The association of the − 675 4G/5G polymorphism of the plasminogen activator inhibitor-1 ( PAI-1) gene with cardiovascular disease in patients with type 2 diabetes (T2DM) is unknown. Genotyping was performed in 672 consecutive Caucasian patients undergoing coronary angiography for the evaluation of stable coronary artery disease (CAD). Vascular events were recorded over 4 years. In non-diabetic subjects ( n = 524), the homozygous PAI-1 4G4G genotype was significantly associated with significant coronary stenoses ≥ 50% (adjusted odds ratio (OR) OR = 1.84 [1.17–2.92]; p = 0.009); however, in T2DM patients ( n = 148) no such association was observed (OR = 0.67 [0.26–1.71]; p = 0.401).
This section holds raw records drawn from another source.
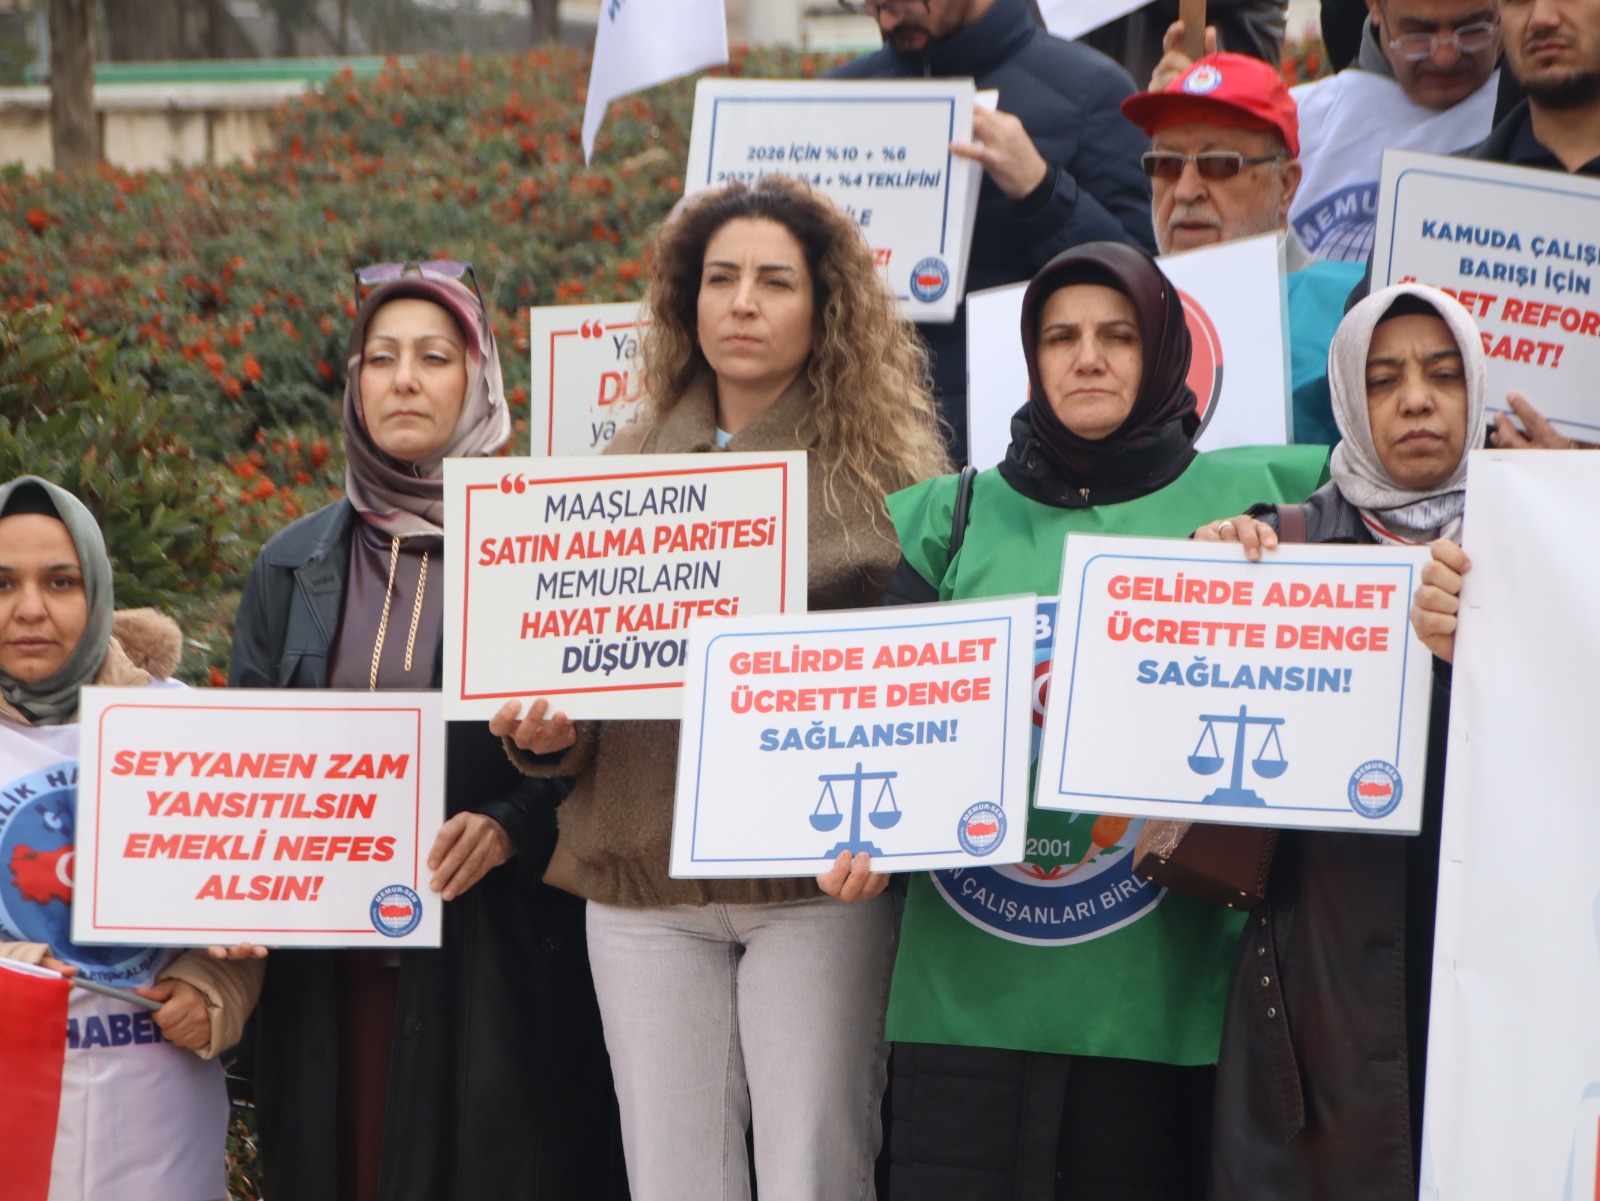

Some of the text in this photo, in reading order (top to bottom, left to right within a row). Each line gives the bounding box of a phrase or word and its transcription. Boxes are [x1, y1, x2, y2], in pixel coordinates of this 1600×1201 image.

[747, 142, 907, 163] 2026 İÇİN %10 + %6
[839, 172, 863, 187] %4
[867, 169, 942, 187] TEKLİFİNİ
[1421, 219, 1600, 266] KAMUDA ÇALIŞ
[1459, 257, 1591, 295] BARIŞI İÇİN
[1501, 297, 1600, 337] REFOR
[544, 484, 708, 524] MAAŞLARIN
[478, 516, 777, 567] SATIN ALMA PARİTESİ
[535, 560, 721, 601] MEMURLARIN
[1107, 572, 1397, 609] GELİRDE ADALET
[520, 596, 739, 640] HAYAT KALİTESİ
[1107, 611, 1389, 652] ÜCRETTE DENGE
[729, 637, 997, 676] GELİRDE ADALET
[1136, 656, 1353, 693] SAĞLANSIN!
[730, 677, 991, 714] ÜCRETTE DENGE
[759, 719, 959, 751] SAĞLANSIN!
[110, 749, 410, 779] SEYYANEN ZAM
[146, 791, 377, 819] YANSITILSIN
[962, 803, 1004, 821] MEMUR-SEN
[122, 829, 397, 862] EMEKLİ NEFES
[1026, 838, 1071, 857] 2001
[194, 875, 325, 901] ALSIN!
[375, 886, 418, 903] MEMUR-SEN
[961, 877, 1096, 924] ÇALIŞANLARI
An interaction term T2DM × 4G4G genotype was significant ( p = 0.006), indicating a significantly stronger association of the polymorphism with CAD in non-diabetic subjects than in patients with T2DM. Also prospectively, the 4G4G genotype conferred an increased risk of vascular events in non-diabetic subjects but not in T2DM patients (hazard ratios 1.76 [1.13–2.74]; p = 0.014 and 0.68 [0.30–1.54]; p = 0.360, respectively). Again, the interaction T2DM × 4G4G genotype was significant ( p = 0.018). Presence of T2DM significantly modulates the vascular risk conferred by the PAI-1 − 675 4G/5G polymorphism in angiographied coronary patients.